Drop every picture, then print the rest of the listing exactly as given.

--- DATA Enclosed Below ---

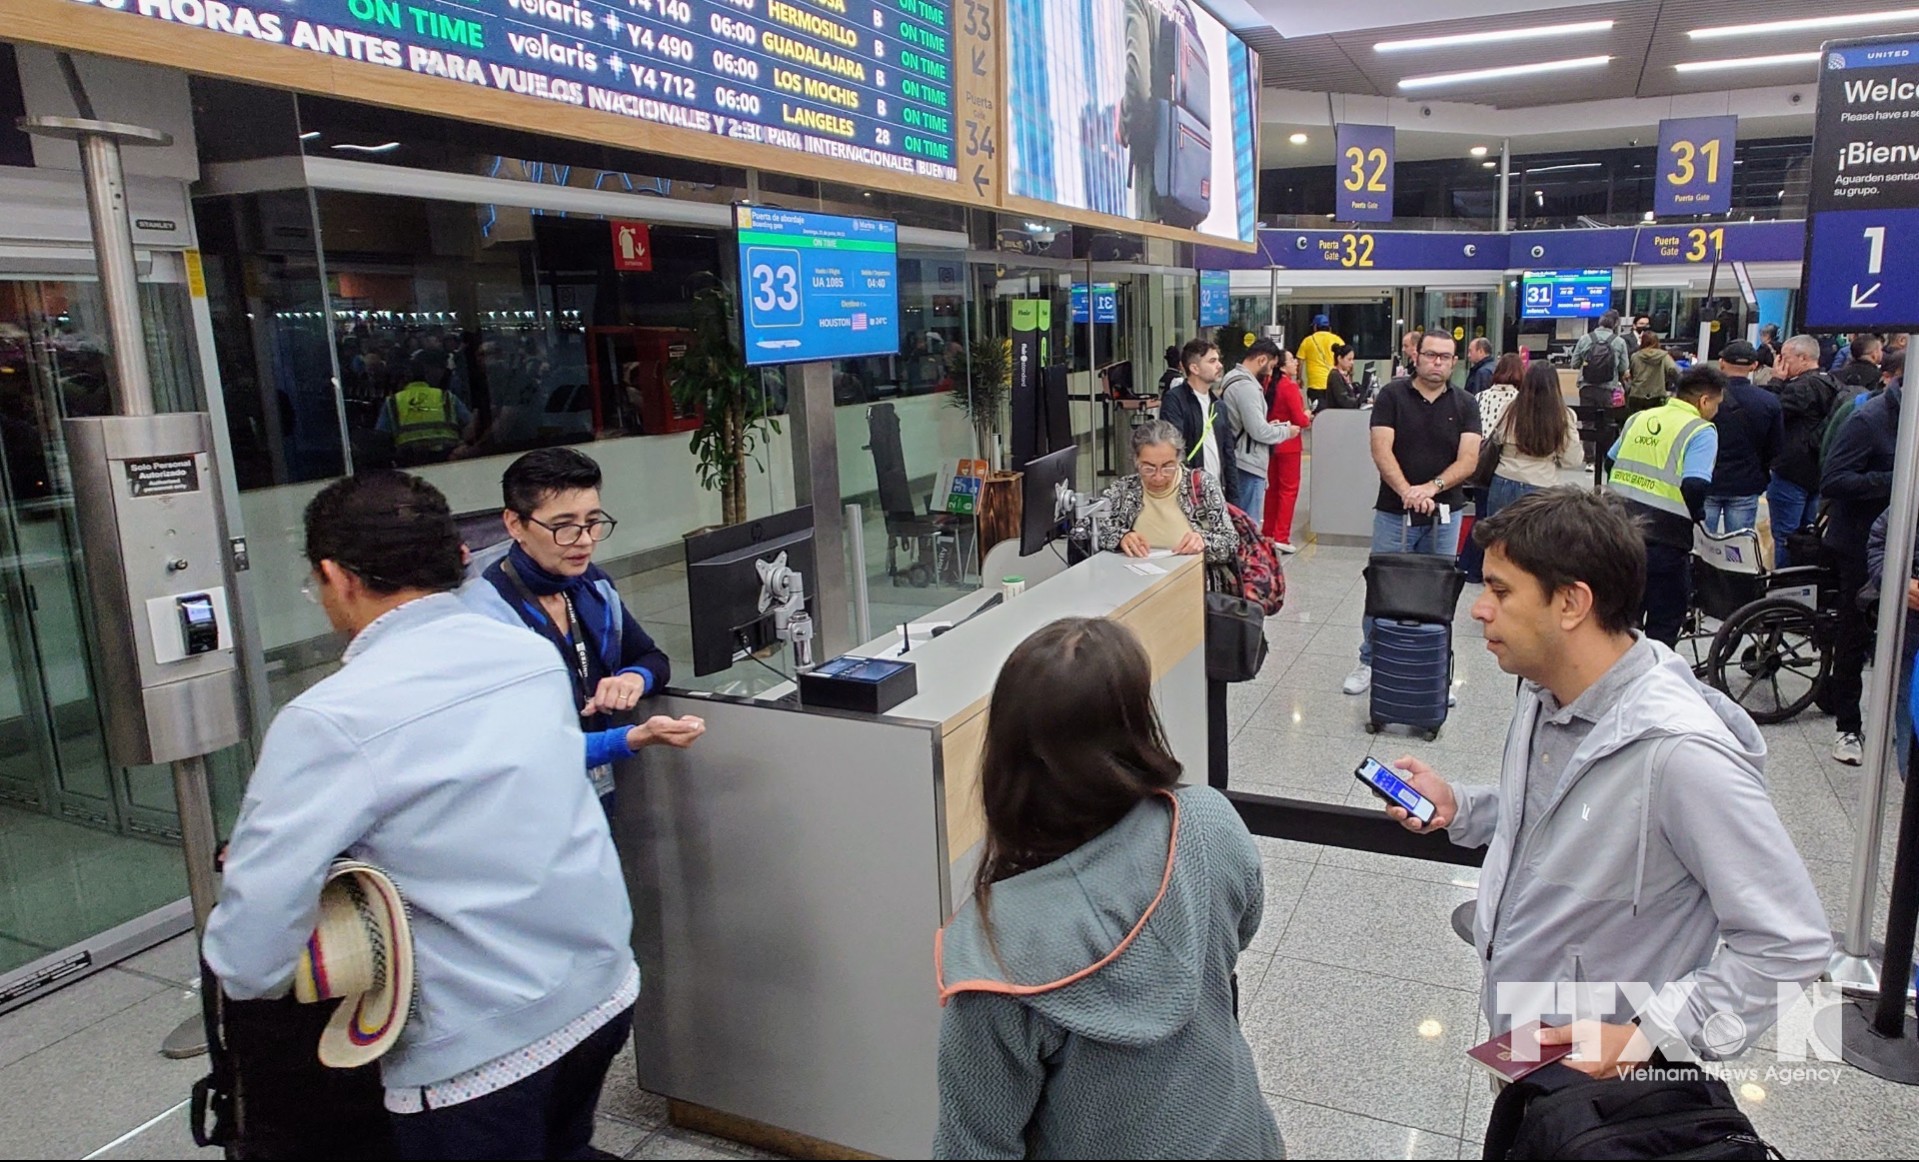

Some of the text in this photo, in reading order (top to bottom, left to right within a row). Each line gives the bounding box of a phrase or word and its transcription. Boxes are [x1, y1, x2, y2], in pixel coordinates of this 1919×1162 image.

[348, 0, 485, 49] ON TIME
[899, 0, 945, 26] ON TIME
[963, 0, 992, 42] 33
[767, 0, 858, 48] HERMOSILLO
[873, 10, 884, 28] B
[899, 22, 917, 41] ON
[918, 29, 946, 53] TIME
[627, 0, 652, 12] 4
[656, 0, 692, 24] 140
[710, 13, 756, 45] 06:00
[761, 31, 866, 81] GUADALAJARA
[874, 40, 885, 58] B
[900, 51, 919, 70] ON
[919, 57, 946, 80] TIME
[138, 0, 284, 43] HORAS
[291, 20, 403, 68] ANTES
[408, 45, 487, 86] PARA
[489, 63, 584, 105] VUELOS
[587, 85, 711, 132] NACIONALES
[712, 114, 726, 135] Y
[507, 22, 947, 109] volaris Y4 490 06:00 LOS MOCHIS B ON TIME
[1867, 49, 1910, 60] UNITED
[629, 63, 948, 138] Y4 712 06:00 L.ANGELES B ON TIME
[965, 90, 993, 110] Puerta
[1844, 77, 1919, 104] Welc
[1840, 112, 1874, 122] Please
[1875, 110, 1901, 120] have
[1901, 110, 1909, 118] a
[874, 128, 949, 160] 28 ON TIME
[965, 119, 995, 160] 34
[1343, 146, 1388, 192] 32
[1666, 139, 1720, 186] 31
[1833, 186, 1880, 198] su grupo.
[1834, 172, 1884, 186] Aguarden
[1351, 200, 1379, 209] Puerta Gate
[1674, 192, 1710, 203] Puerta Gate
[138, 220, 174, 230] STANLEY
[1318, 233, 1374, 267] Puerta 32
[1324, 250, 1339, 261] Gate
[1654, 227, 1725, 262] Puerta 31
[1660, 246, 1679, 256] Gate
[1863, 226, 1885, 274] 1
[752, 263, 799, 312] 33
[812, 276, 825, 288] UA
[1527, 286, 1550, 303] 31
[819, 317, 851, 328] HOUSTON
[130, 460, 192, 472] Solo Personal
[138, 469, 187, 480] Autorizado
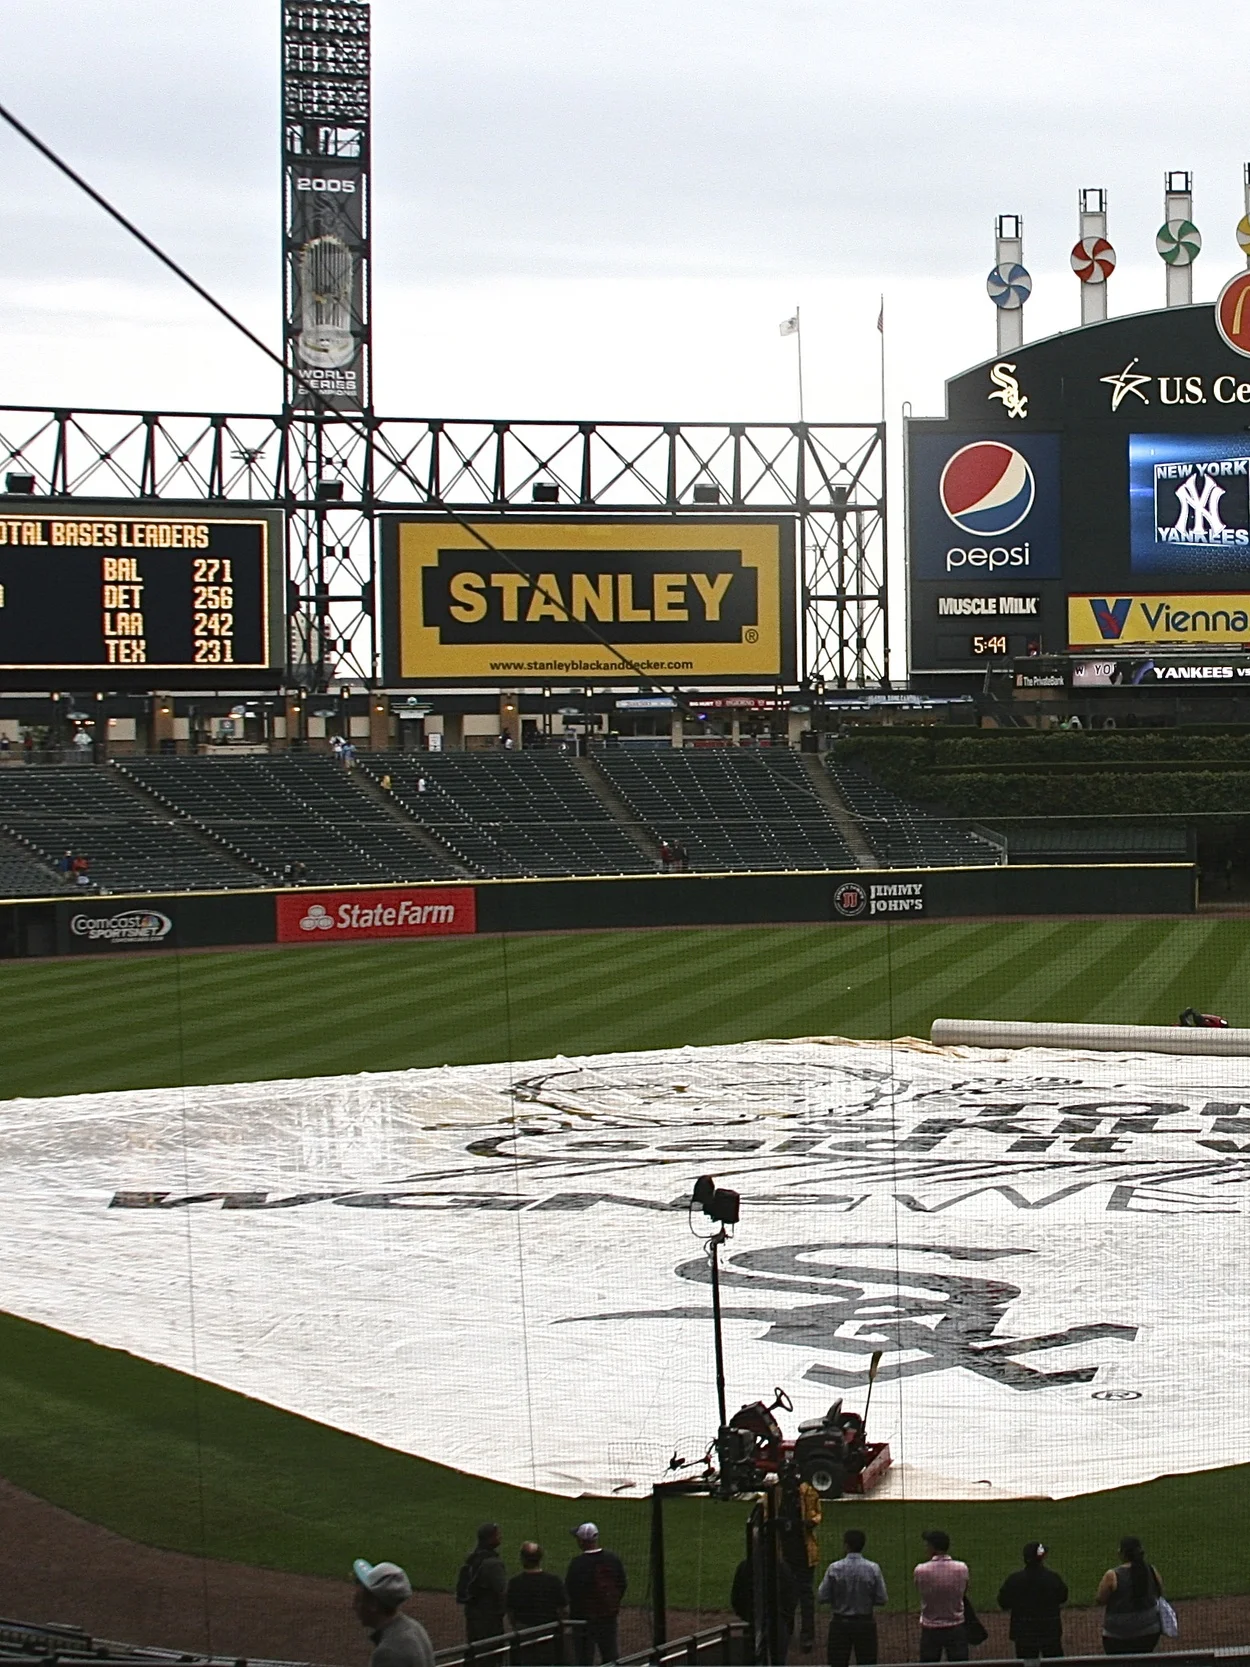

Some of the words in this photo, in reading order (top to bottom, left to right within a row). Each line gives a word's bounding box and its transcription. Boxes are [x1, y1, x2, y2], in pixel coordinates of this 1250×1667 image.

--- End of Enclosed DATA ---

RESPONSE TO THE TASK:
Some of the text in this photo, in reading order (top to bottom, left to right within a row). Each line gives the bounding box of a phrase or word and its transcription. Boxes are [x1, y1, x2, y2], in pixel coordinates of this 1919×1162 image.

[348, 0, 485, 49] ON TIME
[899, 0, 945, 26] ON TIME
[963, 0, 992, 42] 33
[767, 0, 858, 48] HERMOSILLO
[873, 10, 884, 28] B
[899, 22, 917, 41] ON
[918, 29, 946, 53] TIME
[627, 0, 652, 12] 4
[656, 0, 692, 24] 140
[710, 13, 756, 45] 06:00
[761, 31, 866, 81] GUADALAJARA
[874, 40, 885, 58] B
[900, 51, 919, 70] ON
[919, 57, 946, 80] TIME
[138, 0, 284, 43] HORAS
[291, 20, 403, 68] ANTES
[408, 45, 487, 86] PARA
[489, 63, 584, 105] VUELOS
[587, 85, 711, 132] NACIONALES
[712, 114, 726, 135] Y
[507, 22, 947, 109] volaris Y4 490 06:00 LOS MOCHIS B ON TIME
[1867, 49, 1910, 60] UNITED
[629, 63, 948, 138] Y4 712 06:00 L.ANGELES B ON TIME
[965, 90, 993, 110] Puerta
[1844, 77, 1919, 104] Welc
[1840, 112, 1874, 122] Please
[1875, 110, 1901, 120] have
[1901, 110, 1909, 118] a
[874, 128, 949, 160] 28 ON TIME
[965, 119, 995, 160] 34
[1343, 146, 1388, 192] 32
[1666, 139, 1720, 186] 31
[1833, 186, 1880, 198] su grupo.
[1834, 172, 1884, 186] Aguarden
[1351, 200, 1379, 209] Puerta Gate
[1674, 192, 1710, 203] Puerta Gate
[138, 220, 174, 230] STANLEY
[1318, 233, 1374, 267] Puerta 32
[1324, 250, 1339, 261] Gate
[1654, 227, 1725, 262] Puerta 31
[1660, 246, 1679, 256] Gate
[1863, 226, 1885, 274] 1
[752, 263, 799, 312] 33
[812, 276, 825, 288] UA
[1527, 286, 1550, 303] 31
[819, 317, 851, 328] HOUSTON
[130, 460, 192, 472] Solo Personal
[138, 469, 187, 480] Autorizado

Some of the words in this photo, in reading order (top to bottom, left to right within a row). Each line gives a word's bounding box and its transcription. Boxes are [x1, y1, x2, y2], in pixel coordinates of this 1250×1667 image.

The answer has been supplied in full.